Stored items from a collection:

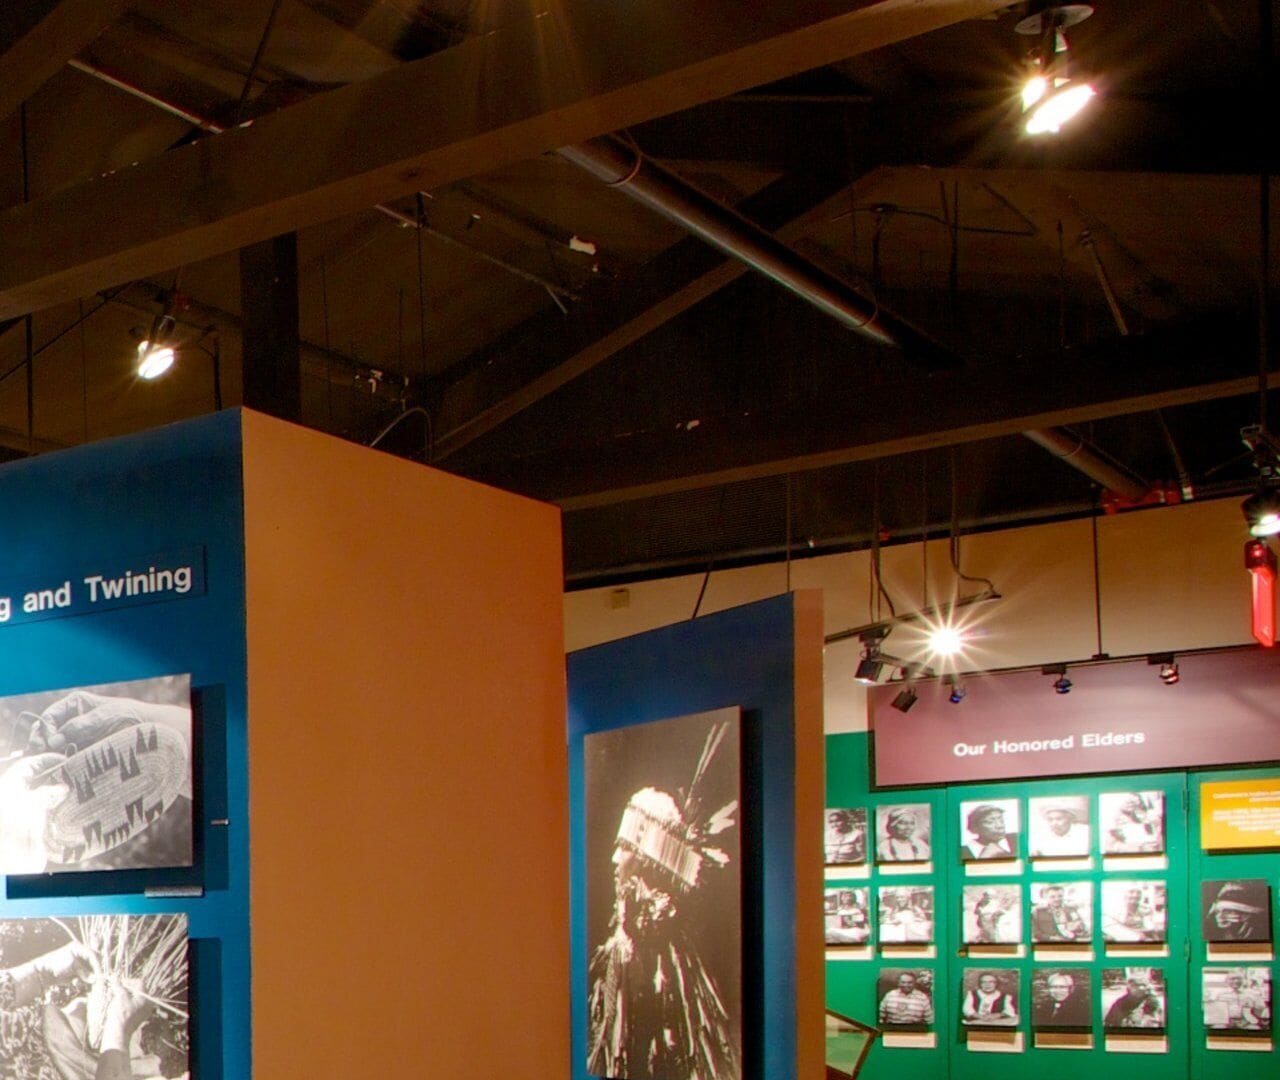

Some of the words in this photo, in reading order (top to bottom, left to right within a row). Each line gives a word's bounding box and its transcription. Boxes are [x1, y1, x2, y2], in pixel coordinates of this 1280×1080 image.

[23, 582, 71, 613] and
[84, 564, 192, 603] Twining
[953, 742, 987, 757] Our
[993, 735, 1074, 754] Honored
[1082, 731, 1145, 748] Elders
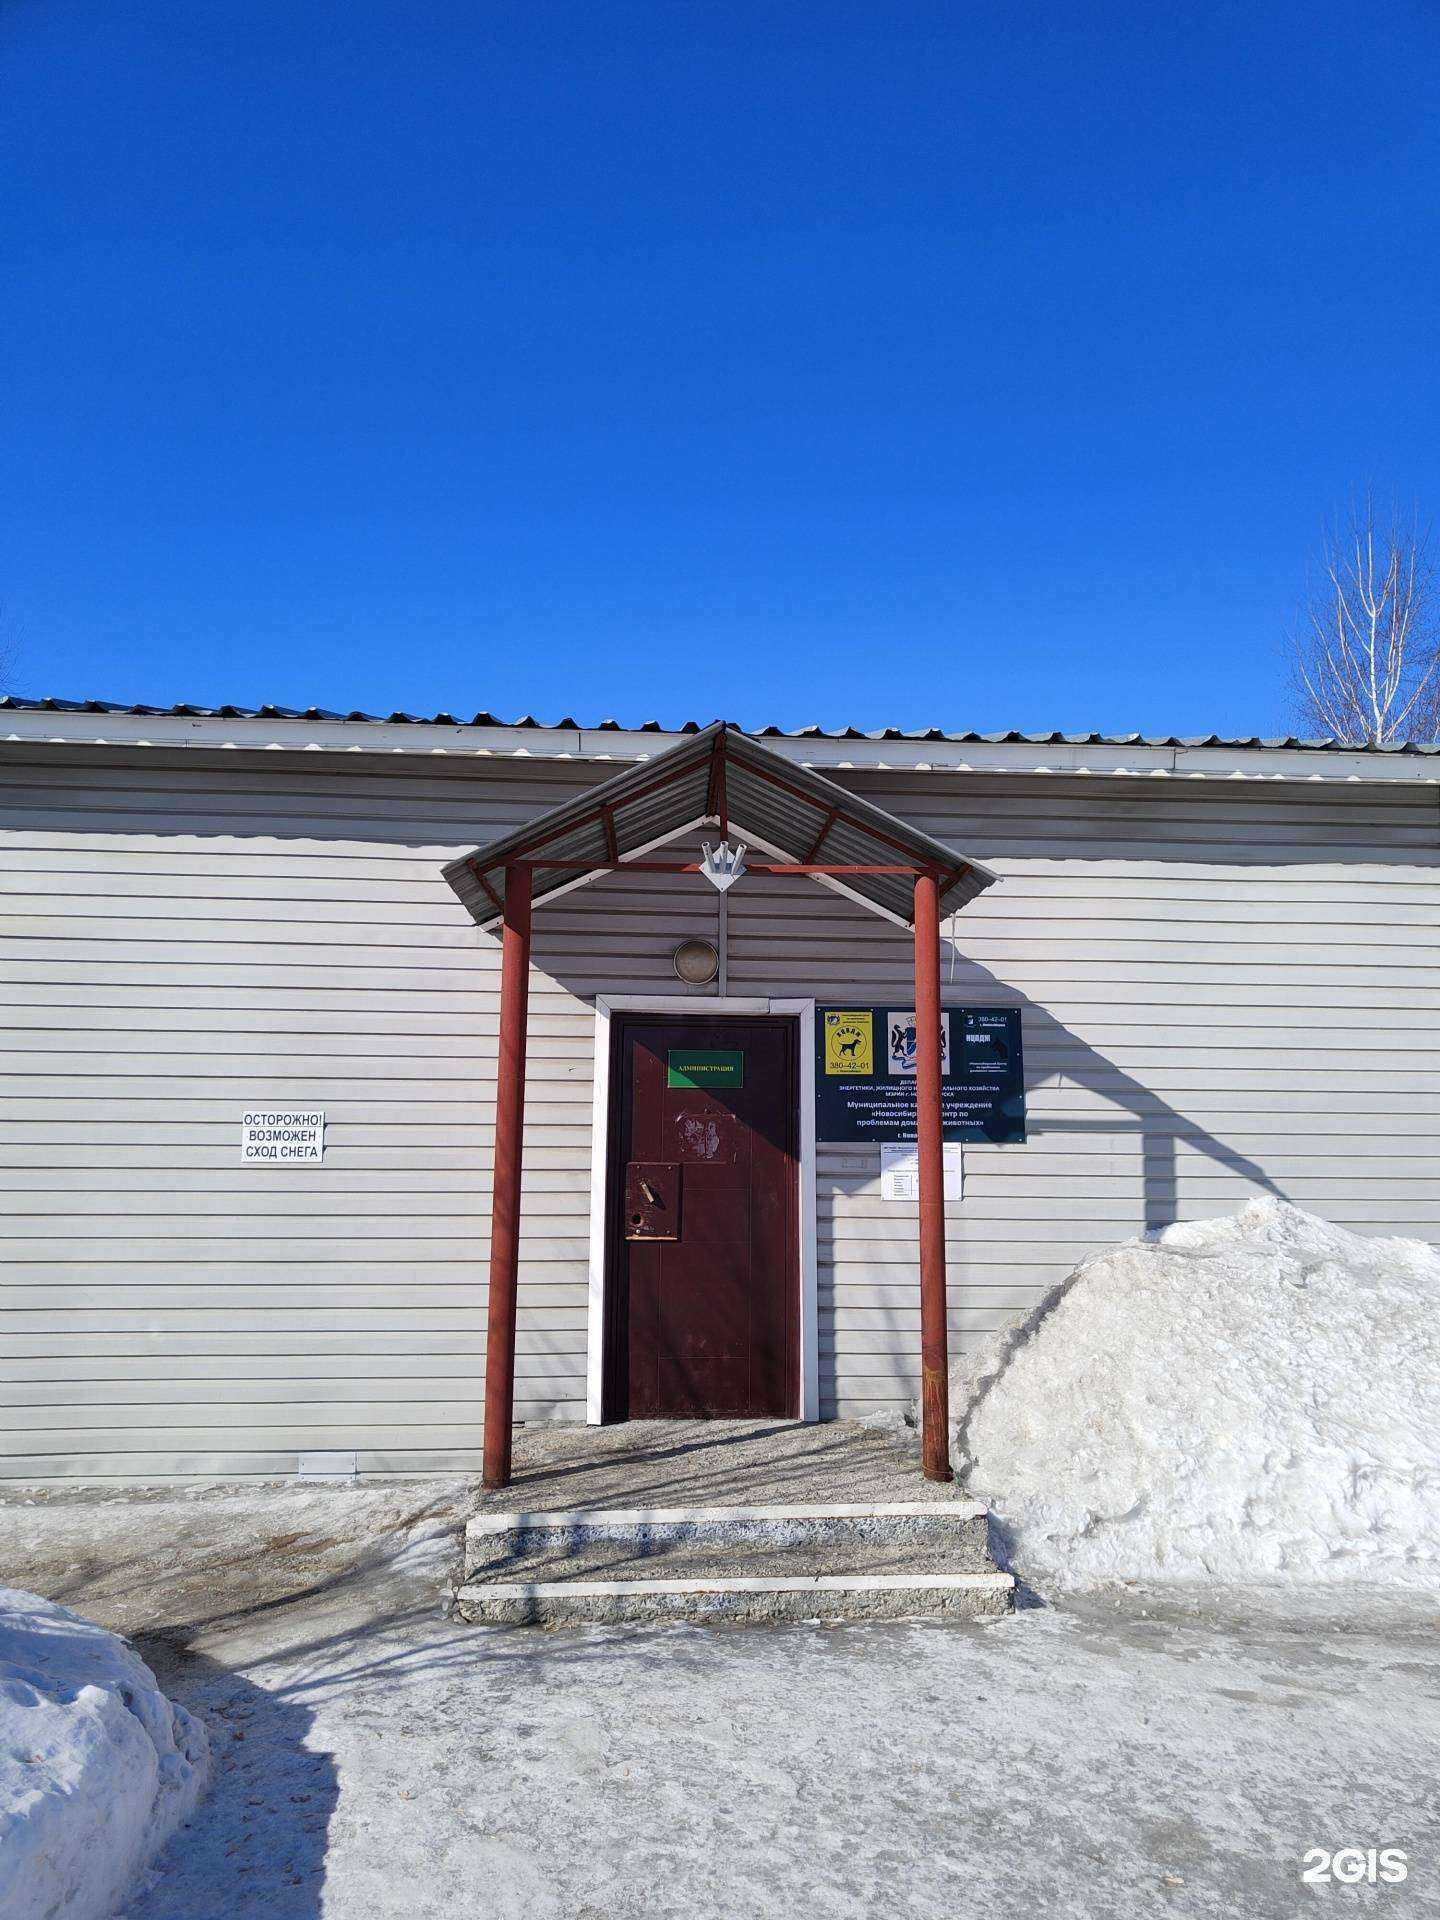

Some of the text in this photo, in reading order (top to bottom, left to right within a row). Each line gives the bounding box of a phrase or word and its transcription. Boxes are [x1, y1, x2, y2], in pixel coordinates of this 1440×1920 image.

[847, 1101, 909, 1109] Муниципальное
[946, 1102, 993, 1110] учреждение
[244, 1114, 322, 1126] ОСТОРОЖНО!
[871, 1110, 917, 1118] «Новосибир
[249, 1130, 316, 1142] ВОЗМОЖЕН
[246, 1146, 318, 1159] СХОД СНЕГА
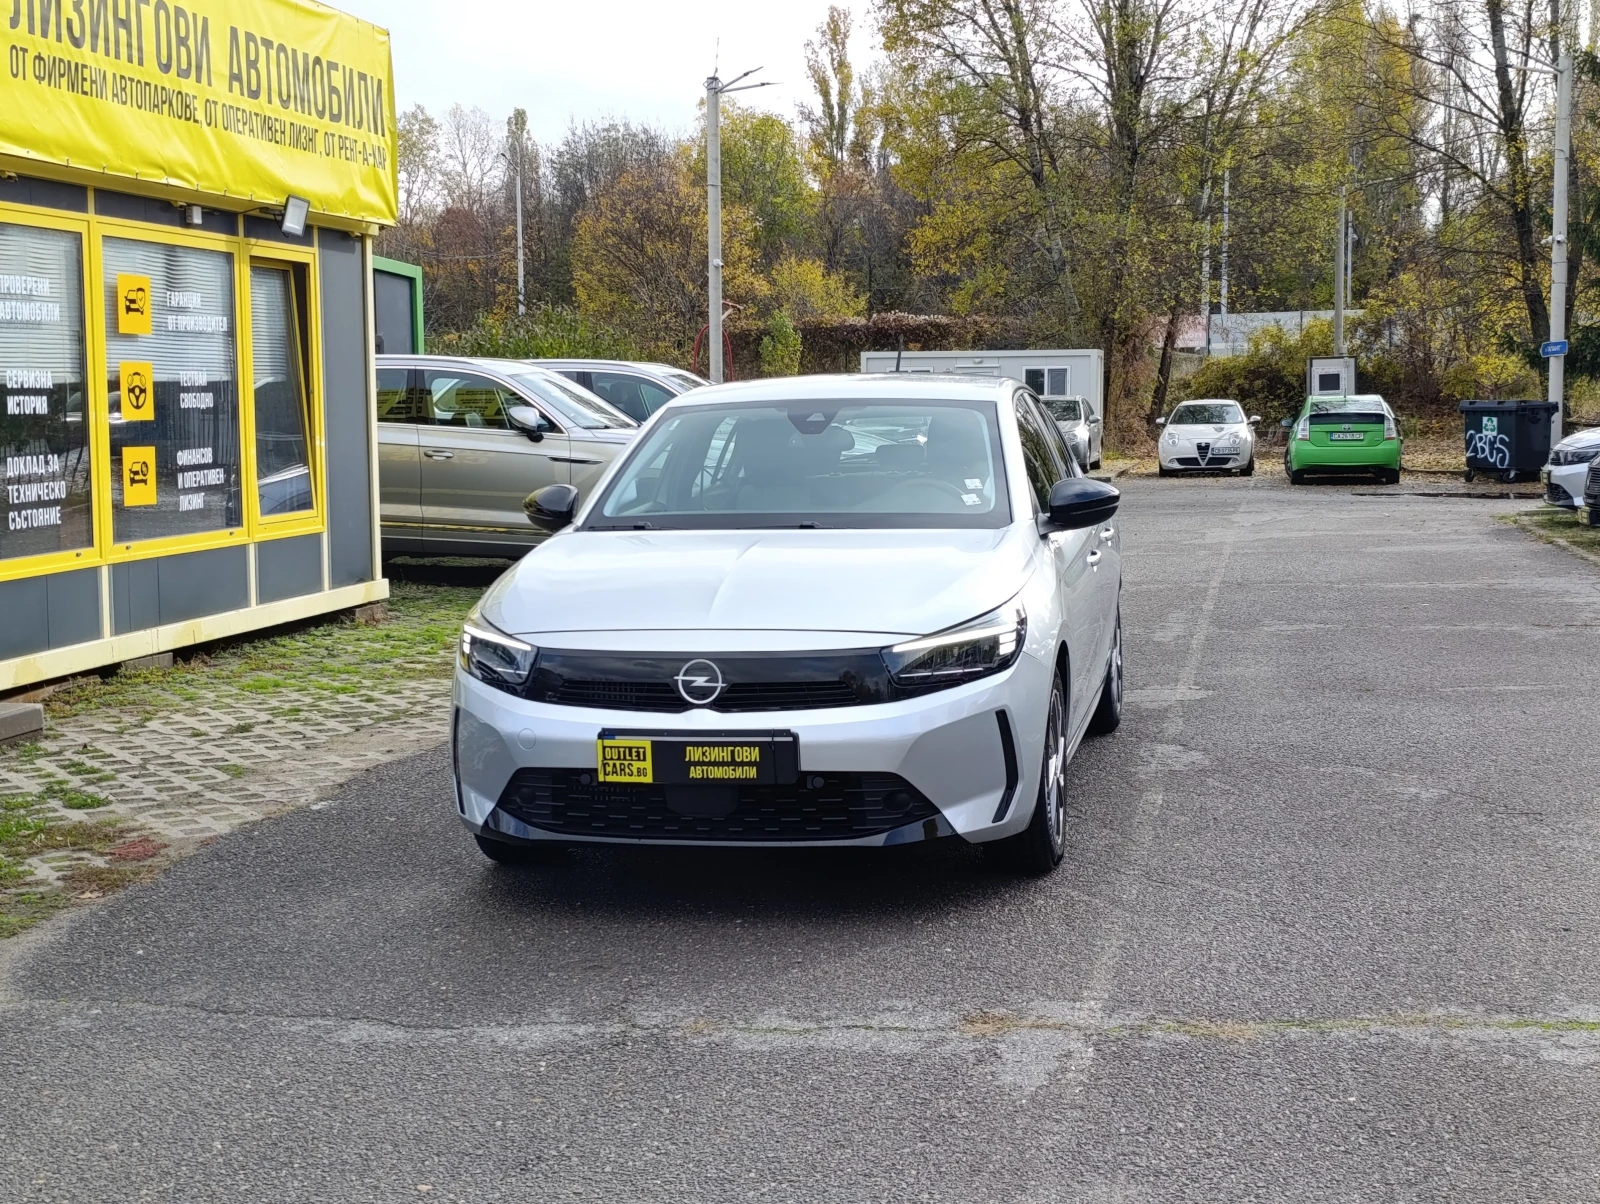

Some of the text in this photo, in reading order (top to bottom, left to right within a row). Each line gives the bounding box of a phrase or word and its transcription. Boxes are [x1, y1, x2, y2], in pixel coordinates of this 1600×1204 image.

The problem: Copy the final stretch of lines, starting at the one that holds "this 1440×1920 image." and ending at the last line of the data, exactly; omit pictures.

Output of the task:
Some of the text in this photo, in reading order (top to bottom, left to right within a row). Each line gives the bounding box of a phrase or word and its transcription. Boxes are [x1, y1, x2, y2], in pixel coordinates of this 1440×1920 image.

[847, 1101, 909, 1109] Муниципальное
[946, 1102, 993, 1110] учреждение
[244, 1114, 322, 1126] ОСТОРОЖНО!
[871, 1110, 917, 1118] «Новосибир
[249, 1130, 316, 1142] ВОЗМОЖЕН
[246, 1146, 318, 1159] СХОД СНЕГА

Some of the text in this photo, in reading order (top to bottom, left to right within a row). Each line gives the bounding box of a phrase or word and its transcription. Boxes are [x1, y1, x2, y2], in pixel coordinates of this 1600×1204 image.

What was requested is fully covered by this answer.